I Tried by Anthony HamiltonBeing in love is like running the gauntlet. At the end of that gauntlet is your heart and soul's ultimate satisfaction; a mate who compliments, uplifts, and pleases you the way you need. However, you are no doubt bound to be bruised and knocked down before ever crossing the finish line. That is the nature of the journey towards anything worth having. Some people take their lumps, and resolve to stand stronger, but others take each slight as evidence that there is no finish line in sight. As to the latter, why can't those who hurt deeply forget about their past failures?
"His Perspective"
Holding on to negativity is second nature to most people. I'm definitely guilty of it. No matter how much our friends encourage us to get back up again when we fall due to something in our romantic relationships, it's never that simple is it? We live paralyzed by fear that someone else will do it again if we let our guard down for a moment. In my experience, this tends to enhance the feelings of loneliness and dissatisfaction I've felt, not make it better.
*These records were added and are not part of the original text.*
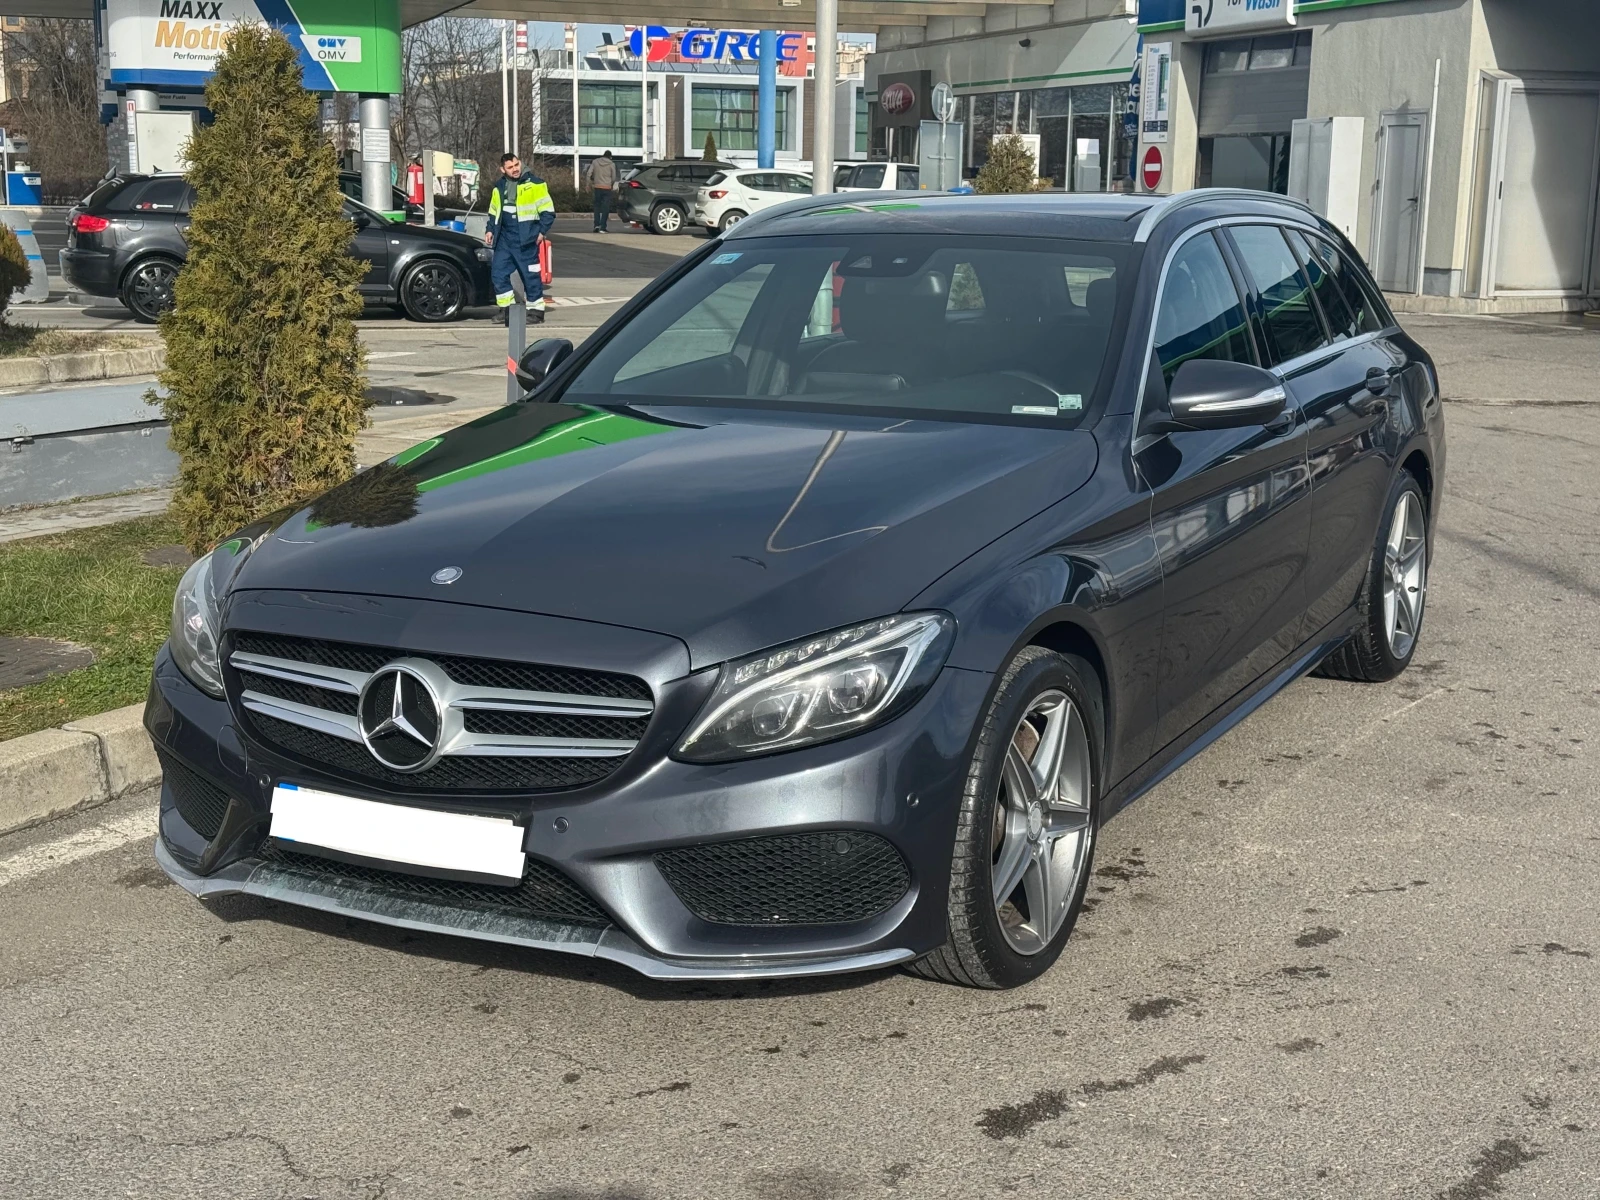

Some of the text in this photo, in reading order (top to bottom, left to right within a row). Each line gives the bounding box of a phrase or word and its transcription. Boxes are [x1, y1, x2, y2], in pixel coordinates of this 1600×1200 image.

[160, 0, 223, 20] MAXX
[155, 20, 234, 50] Motio
[173, 51, 218, 61] Performan
[318, 50, 346, 60] OMV
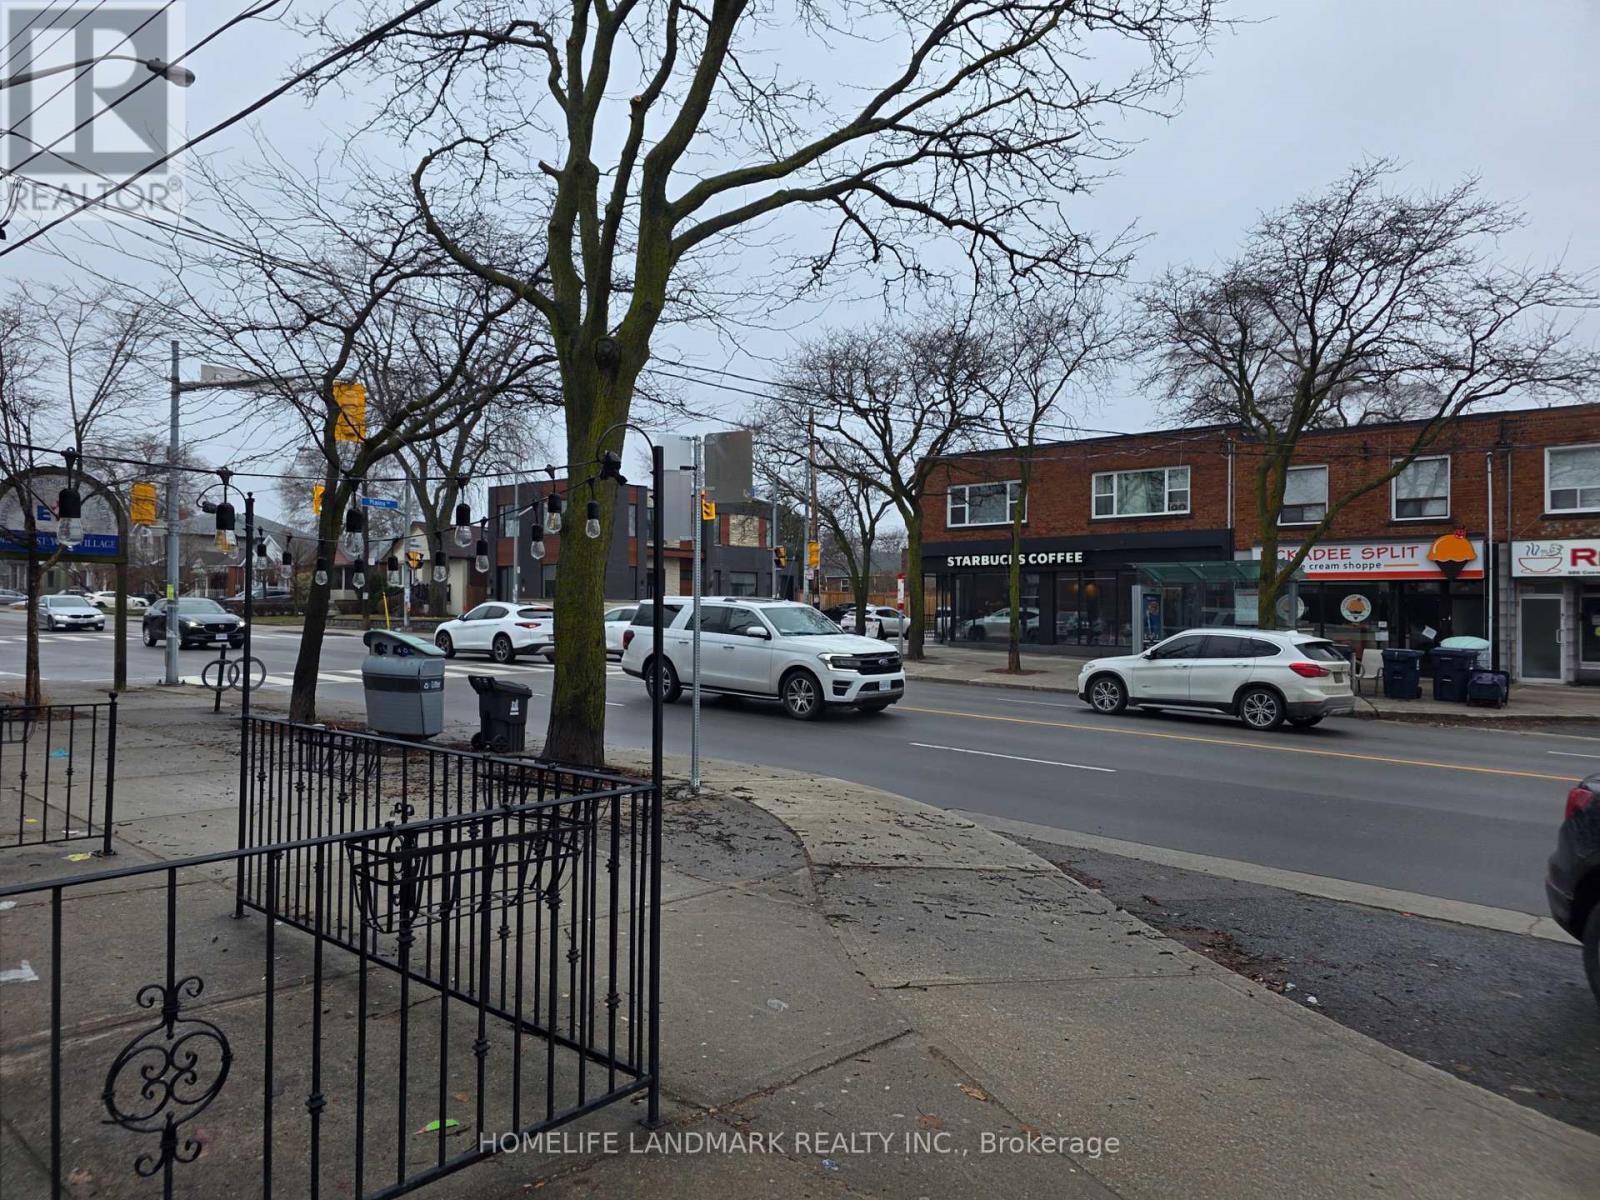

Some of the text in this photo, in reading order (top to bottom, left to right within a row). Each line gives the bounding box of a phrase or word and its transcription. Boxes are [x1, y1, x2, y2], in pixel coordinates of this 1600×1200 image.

[80, 539, 117, 549] ILLAGE
[1028, 552, 1083, 565] COFFEE
[1361, 546, 1419, 560] SPLIT
[1308, 563, 1340, 571] cream
[1343, 561, 1382, 571] shoppe
That's why I strive not to hold the next woman responsible for something that one of her predecessors did or didn't do. After all, she didn't have anything to do with me being done dirty most likely. It's not her fault, and she should not be made to pay the price. Furthermore, I never want to face the reality that I let something good go because some ex of mine who's likely an ex for a reason made a mistake. I try to move on from the past as much as practicable. Sure, it's good to learn from history, but it's never a good idea to let history stand in the way of future blessings. I strive to never get caught looking backwards when the finish line is in sight. Do you?
"Her Perspective"
Generally, a woman doesn't have a problem letting go and forgetting a failed relationship. However, it is hard to forget the brutal burns of a past devastating relationship. It is difficult for any person to forget an experience involving an excruitating pain, mental or physical. Although the pain and hurt may fade with time, the bruise will always be there. We know what it feels like to be hurt. It doesn't feel good. Women don't become defensive after one bad relationship. Rather, they slowly build a hedge of protection around themselves. I can't fault a woman for that. However, some women do too good of a job at building their defense wall. You are too busy focusing on the pains of the past to recognize what the future has in store for you. It is a critical mistake to make the assumption that all men are bad. As women, we need to learn to slowly open our hearts to men and make them earn our trust instead of volunteering it. Otherwise, you gon' find yourself by yourself.